# TASK TO COMPLETE
The result should be an exact copy of the lines from the one with "this 1698×823 image." through the last line of the data below, both included.

————

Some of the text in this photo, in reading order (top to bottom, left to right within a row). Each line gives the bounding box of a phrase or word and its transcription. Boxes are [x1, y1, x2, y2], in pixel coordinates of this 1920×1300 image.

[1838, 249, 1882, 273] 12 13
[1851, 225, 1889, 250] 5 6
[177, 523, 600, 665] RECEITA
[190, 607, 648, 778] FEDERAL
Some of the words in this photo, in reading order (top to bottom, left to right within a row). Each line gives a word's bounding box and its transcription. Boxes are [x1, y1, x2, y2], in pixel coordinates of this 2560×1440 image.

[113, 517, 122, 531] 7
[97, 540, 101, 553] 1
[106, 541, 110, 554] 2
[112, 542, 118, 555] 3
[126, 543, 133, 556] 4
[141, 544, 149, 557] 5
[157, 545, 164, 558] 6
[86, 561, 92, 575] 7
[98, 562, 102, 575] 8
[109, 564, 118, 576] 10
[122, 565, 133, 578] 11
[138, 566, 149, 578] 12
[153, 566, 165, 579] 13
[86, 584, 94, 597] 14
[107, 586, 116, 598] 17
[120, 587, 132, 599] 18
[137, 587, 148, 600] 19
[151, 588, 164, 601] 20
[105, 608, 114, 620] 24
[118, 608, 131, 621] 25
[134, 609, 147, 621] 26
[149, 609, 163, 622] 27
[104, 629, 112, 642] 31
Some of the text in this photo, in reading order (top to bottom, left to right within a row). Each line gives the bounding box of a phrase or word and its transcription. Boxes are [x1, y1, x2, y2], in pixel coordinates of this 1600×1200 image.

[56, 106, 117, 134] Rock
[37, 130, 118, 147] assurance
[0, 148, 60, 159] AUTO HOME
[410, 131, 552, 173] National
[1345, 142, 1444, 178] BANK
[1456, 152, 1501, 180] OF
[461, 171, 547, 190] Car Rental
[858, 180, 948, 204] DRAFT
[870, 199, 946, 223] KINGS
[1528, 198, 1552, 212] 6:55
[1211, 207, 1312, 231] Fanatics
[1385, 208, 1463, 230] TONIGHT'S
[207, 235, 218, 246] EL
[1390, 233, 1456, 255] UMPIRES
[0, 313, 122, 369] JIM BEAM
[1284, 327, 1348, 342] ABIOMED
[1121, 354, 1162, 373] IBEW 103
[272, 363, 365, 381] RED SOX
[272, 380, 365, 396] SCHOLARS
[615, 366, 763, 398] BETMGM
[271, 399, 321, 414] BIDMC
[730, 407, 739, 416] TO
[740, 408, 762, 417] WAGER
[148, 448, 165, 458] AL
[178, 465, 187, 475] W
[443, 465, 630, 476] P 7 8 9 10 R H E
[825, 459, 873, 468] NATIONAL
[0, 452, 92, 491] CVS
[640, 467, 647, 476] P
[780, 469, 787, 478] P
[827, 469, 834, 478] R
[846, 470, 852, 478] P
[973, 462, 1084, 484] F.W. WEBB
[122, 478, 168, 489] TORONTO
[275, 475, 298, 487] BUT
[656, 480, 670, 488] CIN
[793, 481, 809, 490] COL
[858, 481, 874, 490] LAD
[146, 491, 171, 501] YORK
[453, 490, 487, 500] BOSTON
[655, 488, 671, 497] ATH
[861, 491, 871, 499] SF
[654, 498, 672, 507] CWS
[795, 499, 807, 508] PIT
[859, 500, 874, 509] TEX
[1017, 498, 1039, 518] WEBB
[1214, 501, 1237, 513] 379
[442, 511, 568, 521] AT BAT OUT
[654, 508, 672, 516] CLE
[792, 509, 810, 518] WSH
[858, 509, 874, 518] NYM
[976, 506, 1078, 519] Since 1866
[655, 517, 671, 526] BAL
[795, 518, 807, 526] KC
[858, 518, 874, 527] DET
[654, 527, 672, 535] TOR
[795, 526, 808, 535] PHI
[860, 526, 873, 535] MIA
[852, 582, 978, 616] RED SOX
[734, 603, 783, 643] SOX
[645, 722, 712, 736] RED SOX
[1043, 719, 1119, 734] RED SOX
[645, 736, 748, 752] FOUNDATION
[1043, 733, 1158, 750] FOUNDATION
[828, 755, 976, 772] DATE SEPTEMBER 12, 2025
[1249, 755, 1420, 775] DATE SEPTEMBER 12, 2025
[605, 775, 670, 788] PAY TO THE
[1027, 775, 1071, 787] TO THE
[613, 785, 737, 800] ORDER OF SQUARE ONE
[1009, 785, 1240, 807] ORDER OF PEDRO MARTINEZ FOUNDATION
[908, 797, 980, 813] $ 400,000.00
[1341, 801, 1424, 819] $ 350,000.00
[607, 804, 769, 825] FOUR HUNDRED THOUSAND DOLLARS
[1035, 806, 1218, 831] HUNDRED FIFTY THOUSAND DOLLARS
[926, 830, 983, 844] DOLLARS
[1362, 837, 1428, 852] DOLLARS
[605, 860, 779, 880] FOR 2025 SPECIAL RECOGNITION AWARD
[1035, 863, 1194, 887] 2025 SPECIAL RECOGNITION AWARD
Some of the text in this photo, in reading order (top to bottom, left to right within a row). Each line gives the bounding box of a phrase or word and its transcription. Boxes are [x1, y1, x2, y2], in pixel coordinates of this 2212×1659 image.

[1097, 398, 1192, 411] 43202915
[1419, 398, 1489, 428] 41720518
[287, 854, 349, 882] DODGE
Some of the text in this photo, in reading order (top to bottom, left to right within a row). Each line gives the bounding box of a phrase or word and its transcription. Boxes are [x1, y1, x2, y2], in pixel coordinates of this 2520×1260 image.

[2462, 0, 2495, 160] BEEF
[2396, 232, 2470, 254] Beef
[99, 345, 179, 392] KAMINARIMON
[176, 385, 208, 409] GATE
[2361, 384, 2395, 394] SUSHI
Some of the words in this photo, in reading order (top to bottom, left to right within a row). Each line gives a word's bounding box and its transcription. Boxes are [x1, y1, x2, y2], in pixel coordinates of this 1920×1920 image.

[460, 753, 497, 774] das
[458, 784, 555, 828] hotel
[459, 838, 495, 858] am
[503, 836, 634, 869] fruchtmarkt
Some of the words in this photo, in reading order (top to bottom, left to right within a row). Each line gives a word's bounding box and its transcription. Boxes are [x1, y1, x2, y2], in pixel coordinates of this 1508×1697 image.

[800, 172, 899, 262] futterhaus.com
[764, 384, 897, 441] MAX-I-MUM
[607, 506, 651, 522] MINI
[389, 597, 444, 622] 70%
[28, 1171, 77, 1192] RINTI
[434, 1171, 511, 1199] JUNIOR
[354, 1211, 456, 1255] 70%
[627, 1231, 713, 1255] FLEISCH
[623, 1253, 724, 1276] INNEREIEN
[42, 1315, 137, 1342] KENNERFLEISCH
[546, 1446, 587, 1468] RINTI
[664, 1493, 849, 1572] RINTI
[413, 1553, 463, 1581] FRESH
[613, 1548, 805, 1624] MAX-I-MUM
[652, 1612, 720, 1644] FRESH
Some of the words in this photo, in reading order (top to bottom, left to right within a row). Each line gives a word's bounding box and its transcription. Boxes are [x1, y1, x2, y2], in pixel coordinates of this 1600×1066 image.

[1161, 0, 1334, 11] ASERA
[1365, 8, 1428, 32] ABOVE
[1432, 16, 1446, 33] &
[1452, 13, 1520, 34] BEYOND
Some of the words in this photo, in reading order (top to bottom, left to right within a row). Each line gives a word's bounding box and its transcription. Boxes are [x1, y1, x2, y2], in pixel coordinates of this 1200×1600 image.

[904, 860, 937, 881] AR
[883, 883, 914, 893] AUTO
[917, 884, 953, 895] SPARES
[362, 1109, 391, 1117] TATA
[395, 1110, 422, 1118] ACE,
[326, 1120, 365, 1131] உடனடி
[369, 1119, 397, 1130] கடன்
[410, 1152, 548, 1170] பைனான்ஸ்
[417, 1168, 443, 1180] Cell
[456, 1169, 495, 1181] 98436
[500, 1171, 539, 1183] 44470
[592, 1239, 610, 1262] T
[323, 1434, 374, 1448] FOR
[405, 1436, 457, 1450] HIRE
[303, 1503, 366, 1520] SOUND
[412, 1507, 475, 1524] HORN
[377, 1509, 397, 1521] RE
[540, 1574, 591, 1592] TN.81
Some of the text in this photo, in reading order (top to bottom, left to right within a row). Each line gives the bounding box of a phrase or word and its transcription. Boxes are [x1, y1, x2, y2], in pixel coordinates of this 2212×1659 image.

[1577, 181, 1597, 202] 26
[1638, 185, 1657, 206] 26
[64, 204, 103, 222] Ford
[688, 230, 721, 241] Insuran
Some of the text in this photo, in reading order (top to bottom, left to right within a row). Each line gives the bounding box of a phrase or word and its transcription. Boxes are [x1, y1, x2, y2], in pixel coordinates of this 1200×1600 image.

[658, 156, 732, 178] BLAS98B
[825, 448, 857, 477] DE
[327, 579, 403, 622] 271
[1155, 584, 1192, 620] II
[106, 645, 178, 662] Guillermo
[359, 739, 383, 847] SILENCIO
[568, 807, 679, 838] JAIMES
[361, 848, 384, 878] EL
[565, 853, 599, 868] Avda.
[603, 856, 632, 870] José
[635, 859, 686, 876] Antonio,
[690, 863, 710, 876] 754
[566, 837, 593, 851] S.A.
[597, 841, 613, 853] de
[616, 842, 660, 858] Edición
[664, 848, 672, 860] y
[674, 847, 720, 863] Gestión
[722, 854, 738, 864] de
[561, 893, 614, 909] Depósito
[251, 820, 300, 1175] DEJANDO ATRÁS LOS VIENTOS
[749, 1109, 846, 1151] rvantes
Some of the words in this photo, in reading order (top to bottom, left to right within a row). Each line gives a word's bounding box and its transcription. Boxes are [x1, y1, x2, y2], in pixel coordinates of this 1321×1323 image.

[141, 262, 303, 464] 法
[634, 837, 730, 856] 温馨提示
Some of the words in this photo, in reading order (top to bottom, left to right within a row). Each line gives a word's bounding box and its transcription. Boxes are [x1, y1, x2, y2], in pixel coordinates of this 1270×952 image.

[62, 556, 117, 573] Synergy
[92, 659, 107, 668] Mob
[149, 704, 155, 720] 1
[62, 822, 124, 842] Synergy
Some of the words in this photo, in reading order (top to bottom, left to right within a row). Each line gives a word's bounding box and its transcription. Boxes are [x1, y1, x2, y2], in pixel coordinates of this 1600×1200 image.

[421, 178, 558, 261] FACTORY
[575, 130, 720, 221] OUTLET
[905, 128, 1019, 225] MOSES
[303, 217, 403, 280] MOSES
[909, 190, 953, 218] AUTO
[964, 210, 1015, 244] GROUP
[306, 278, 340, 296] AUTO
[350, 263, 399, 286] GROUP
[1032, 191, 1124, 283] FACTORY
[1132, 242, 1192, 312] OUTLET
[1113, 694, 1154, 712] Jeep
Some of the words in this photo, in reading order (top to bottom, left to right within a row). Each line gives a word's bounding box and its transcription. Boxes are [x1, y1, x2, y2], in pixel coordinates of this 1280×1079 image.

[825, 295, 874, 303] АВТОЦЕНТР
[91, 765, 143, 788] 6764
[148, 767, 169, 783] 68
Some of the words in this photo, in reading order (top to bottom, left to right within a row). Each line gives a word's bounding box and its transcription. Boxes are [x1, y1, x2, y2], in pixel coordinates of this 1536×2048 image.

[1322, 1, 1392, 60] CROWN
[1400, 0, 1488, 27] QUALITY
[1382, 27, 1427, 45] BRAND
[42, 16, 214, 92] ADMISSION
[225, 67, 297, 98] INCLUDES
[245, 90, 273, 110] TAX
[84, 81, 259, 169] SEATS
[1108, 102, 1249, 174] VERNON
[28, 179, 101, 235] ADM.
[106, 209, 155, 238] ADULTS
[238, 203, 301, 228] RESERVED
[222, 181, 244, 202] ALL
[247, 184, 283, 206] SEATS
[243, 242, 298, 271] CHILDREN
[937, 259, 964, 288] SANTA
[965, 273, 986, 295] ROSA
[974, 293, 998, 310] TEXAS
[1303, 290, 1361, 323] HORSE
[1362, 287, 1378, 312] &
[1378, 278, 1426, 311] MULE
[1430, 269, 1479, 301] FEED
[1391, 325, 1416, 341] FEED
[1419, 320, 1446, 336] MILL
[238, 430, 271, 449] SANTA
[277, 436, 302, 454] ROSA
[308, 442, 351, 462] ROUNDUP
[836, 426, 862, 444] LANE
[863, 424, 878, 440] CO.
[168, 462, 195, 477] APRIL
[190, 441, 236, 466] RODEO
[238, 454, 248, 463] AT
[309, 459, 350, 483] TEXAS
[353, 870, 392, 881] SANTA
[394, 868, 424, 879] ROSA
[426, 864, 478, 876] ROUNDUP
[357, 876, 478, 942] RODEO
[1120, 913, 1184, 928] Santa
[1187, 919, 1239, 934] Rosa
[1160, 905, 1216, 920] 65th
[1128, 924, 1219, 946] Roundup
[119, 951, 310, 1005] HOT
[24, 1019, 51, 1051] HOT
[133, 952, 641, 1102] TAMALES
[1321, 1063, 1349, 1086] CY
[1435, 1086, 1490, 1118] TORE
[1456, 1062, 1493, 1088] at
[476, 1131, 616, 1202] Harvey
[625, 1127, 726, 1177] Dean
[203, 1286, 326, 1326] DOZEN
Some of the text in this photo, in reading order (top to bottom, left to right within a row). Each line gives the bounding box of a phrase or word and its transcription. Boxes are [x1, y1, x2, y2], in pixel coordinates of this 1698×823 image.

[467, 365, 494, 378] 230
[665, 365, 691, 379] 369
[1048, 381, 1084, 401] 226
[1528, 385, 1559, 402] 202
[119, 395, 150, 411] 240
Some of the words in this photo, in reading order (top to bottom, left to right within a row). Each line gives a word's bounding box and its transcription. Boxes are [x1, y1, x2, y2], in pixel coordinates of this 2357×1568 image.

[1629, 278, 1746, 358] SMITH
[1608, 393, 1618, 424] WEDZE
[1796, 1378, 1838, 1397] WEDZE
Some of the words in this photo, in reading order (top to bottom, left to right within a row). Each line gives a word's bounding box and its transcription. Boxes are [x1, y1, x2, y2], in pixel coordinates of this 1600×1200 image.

————

# EXERCISE OUTPUT
Some of the text in this photo, in reading order (top to bottom, left to right within a row). Each line gives the bounding box of a phrase or word and its transcription. Boxes are [x1, y1, x2, y2], in pixel coordinates of this 1698×823 image.

[467, 365, 494, 378] 230
[665, 365, 691, 379] 369
[1048, 381, 1084, 401] 226
[1528, 385, 1559, 402] 202
[119, 395, 150, 411] 240
Some of the words in this photo, in reading order (top to bottom, left to right within a row). Each line gives a word's bounding box and its transcription. Boxes are [x1, y1, x2, y2], in pixel coordinates of this 2357×1568 image.

[1629, 278, 1746, 358] SMITH
[1608, 393, 1618, 424] WEDZE
[1796, 1378, 1838, 1397] WEDZE
Some of the words in this photo, in reading order (top to bottom, left to right within a row). Each line gives a word's bounding box and its transcription. Boxes are [x1, y1, x2, y2], in pixel coordinates of this 1600×1200 image.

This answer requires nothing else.